What you will do:
Would you write out every entry exactly, but without the pictures?

Dataset Block Start

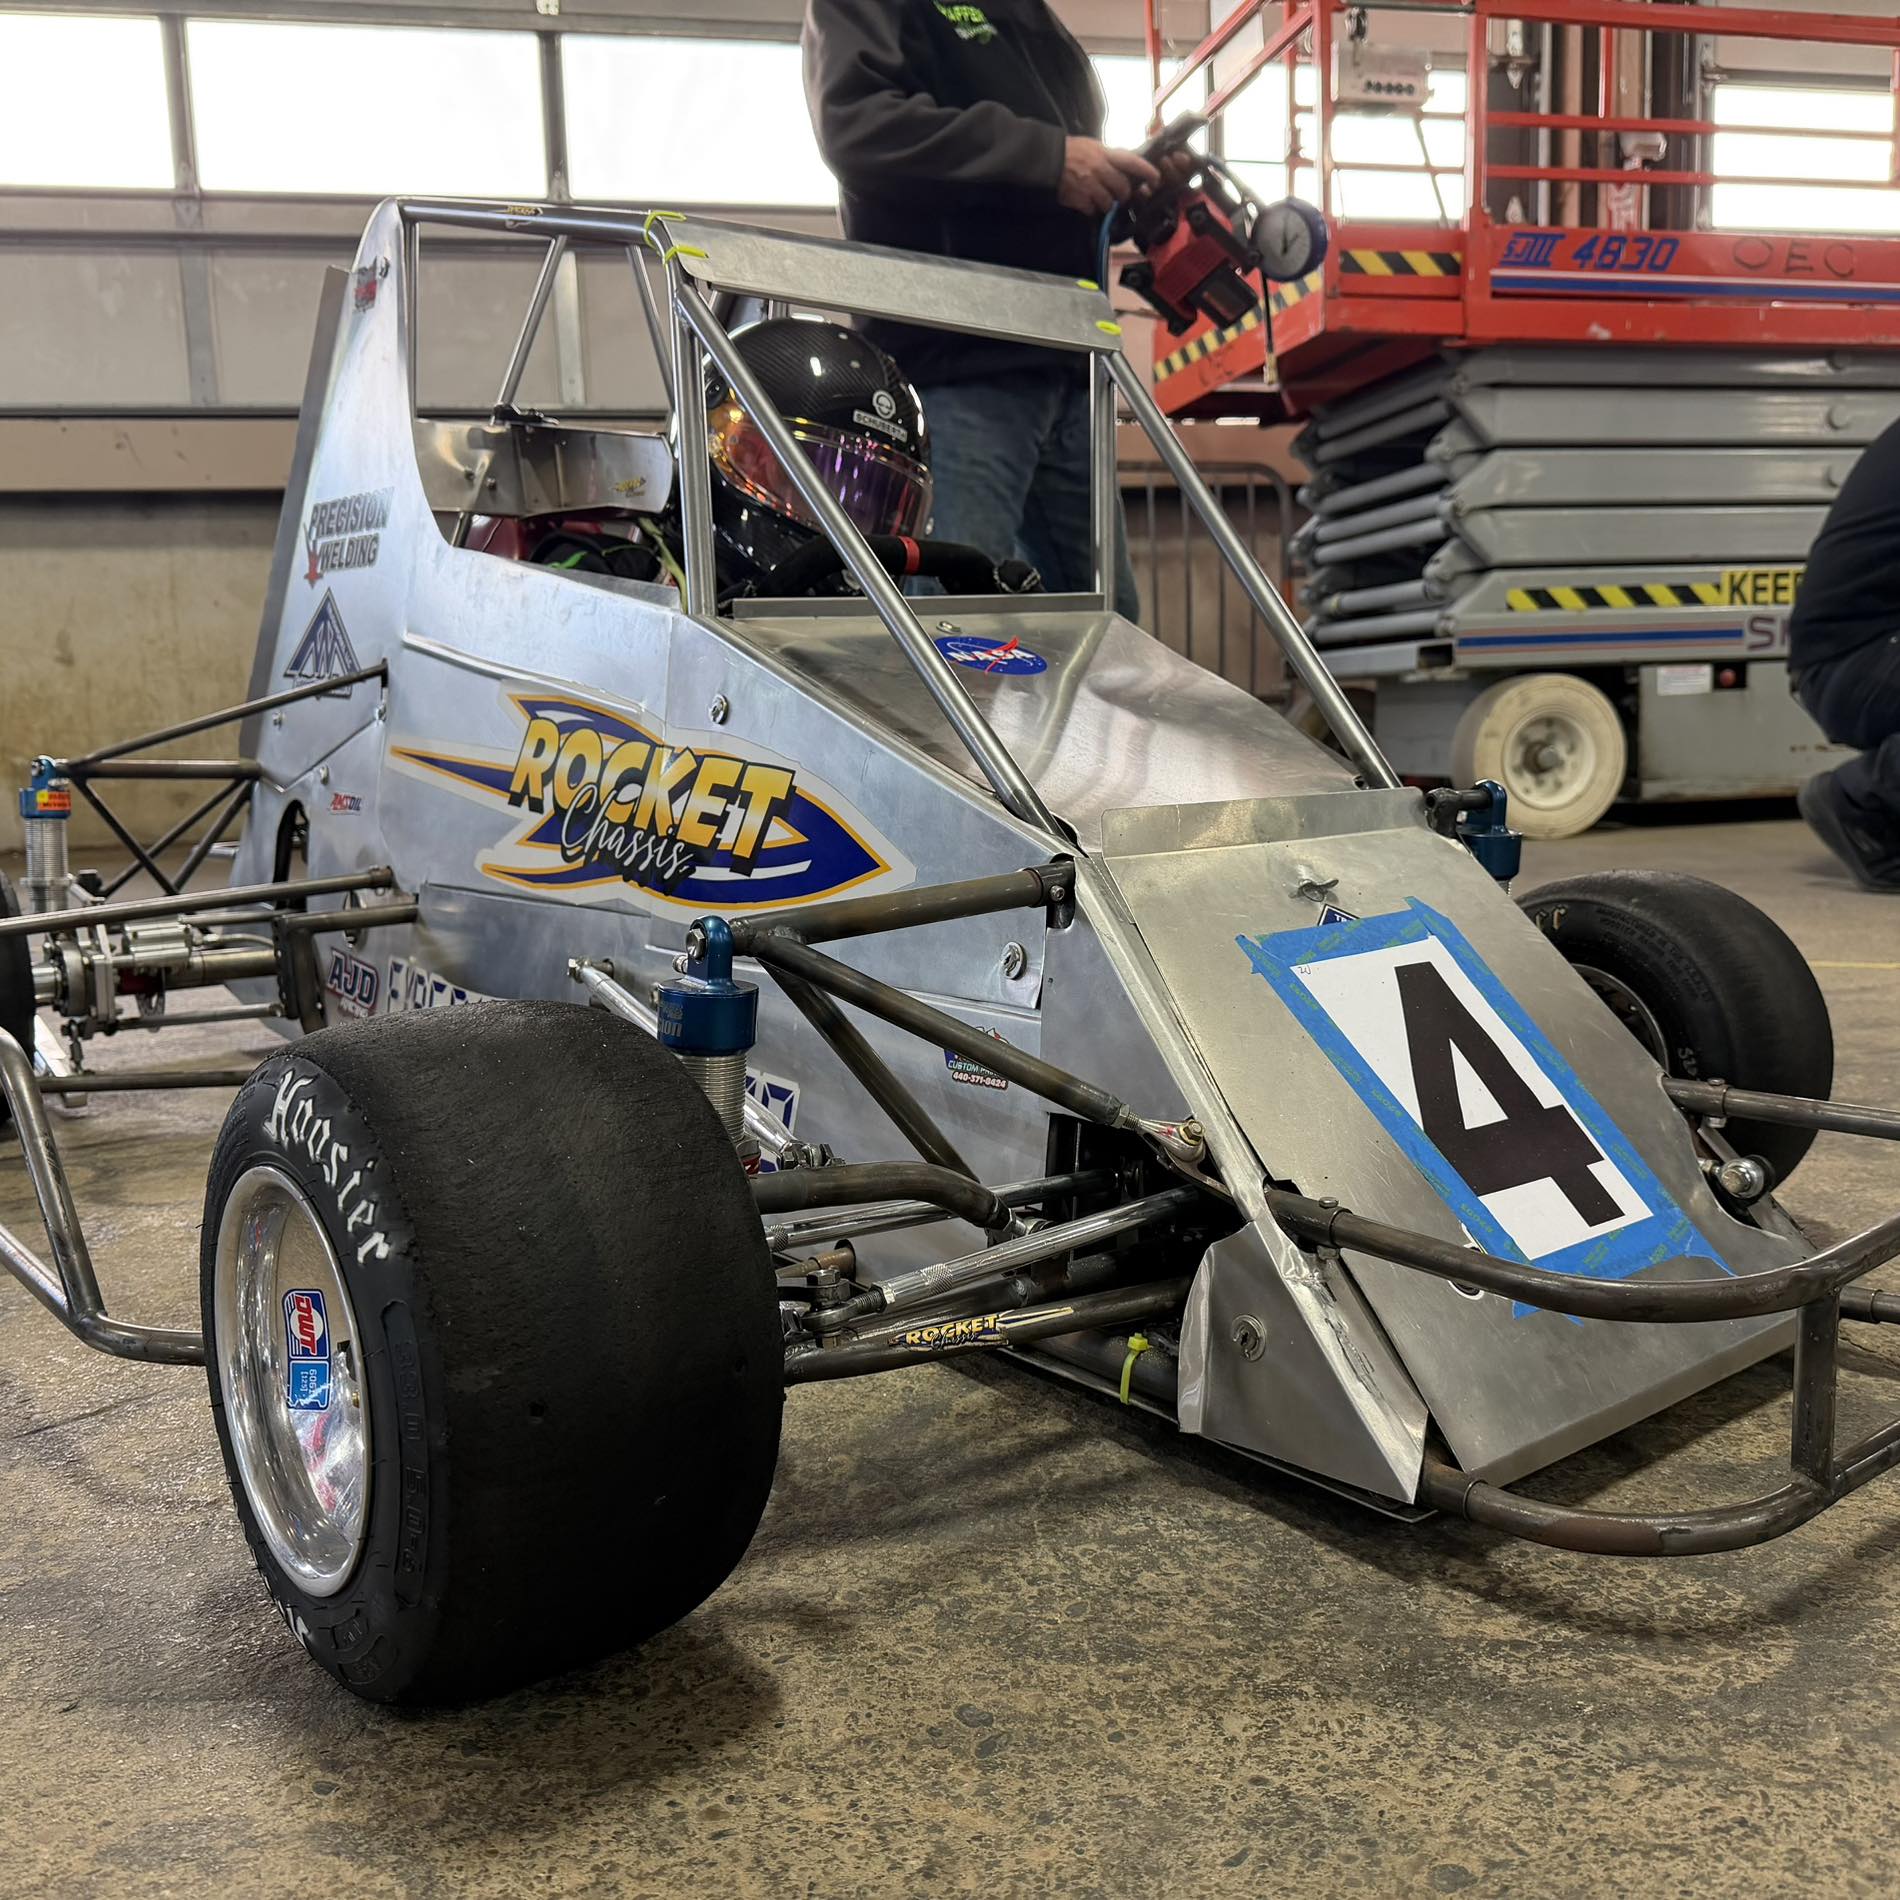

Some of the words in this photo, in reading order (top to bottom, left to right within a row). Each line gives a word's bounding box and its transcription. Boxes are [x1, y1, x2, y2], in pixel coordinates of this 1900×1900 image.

[1571, 235, 1680, 272] 4830
[308, 486, 394, 540] PRECISION
[320, 532, 380, 574] WELDING
[509, 717, 796, 868] ROCKET
[561, 782, 695, 880] Chassis
[328, 953, 377, 1006] AJD
[948, 1060, 979, 1073] CUSTOM
[1395, 961, 1625, 1228] 4
[263, 1070, 390, 1264] Hoosier
[294, 1293, 318, 1356] DWT
[905, 1314, 999, 1345] ROCKET
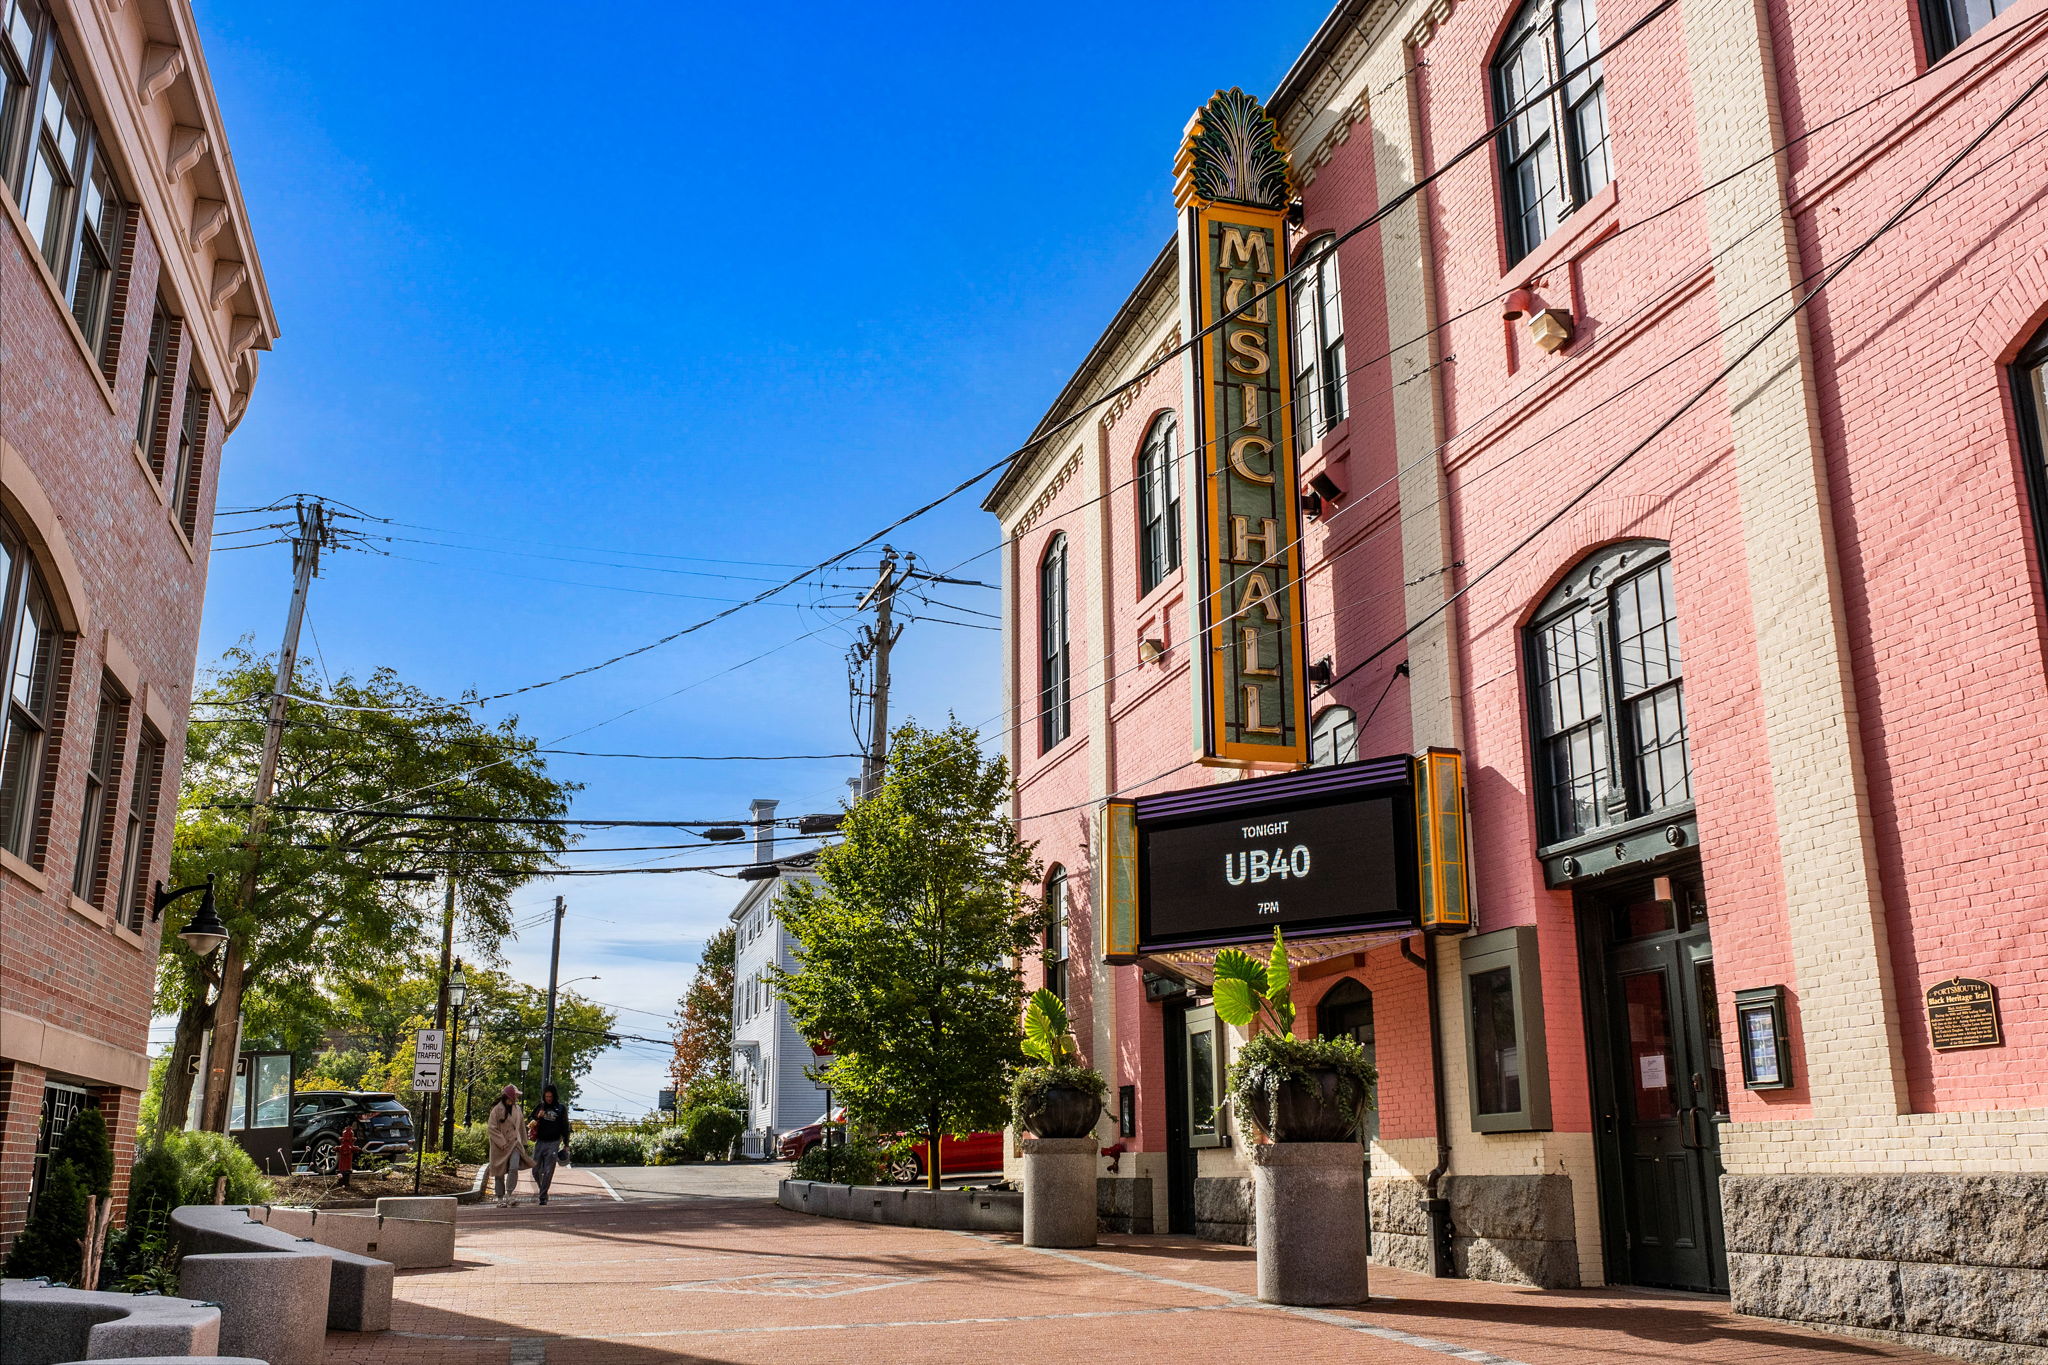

Dataset Block End

Response area:
Some of the words in this photo, in reading order (top to bottom, left to right within a row). Each line gives a word's bounding box and its transcription. Boxes are [x1, y1, x2, y2], in pixel coordinates of this 1900×1900 image.

[1571, 235, 1680, 272] 4830
[308, 486, 394, 540] PRECISION
[320, 532, 380, 574] WELDING
[509, 717, 796, 868] ROCKET
[561, 782, 695, 880] Chassis
[328, 953, 377, 1006] AJD
[948, 1060, 979, 1073] CUSTOM
[1395, 961, 1625, 1228] 4
[263, 1070, 390, 1264] Hoosier
[294, 1293, 318, 1356] DWT
[905, 1314, 999, 1345] ROCKET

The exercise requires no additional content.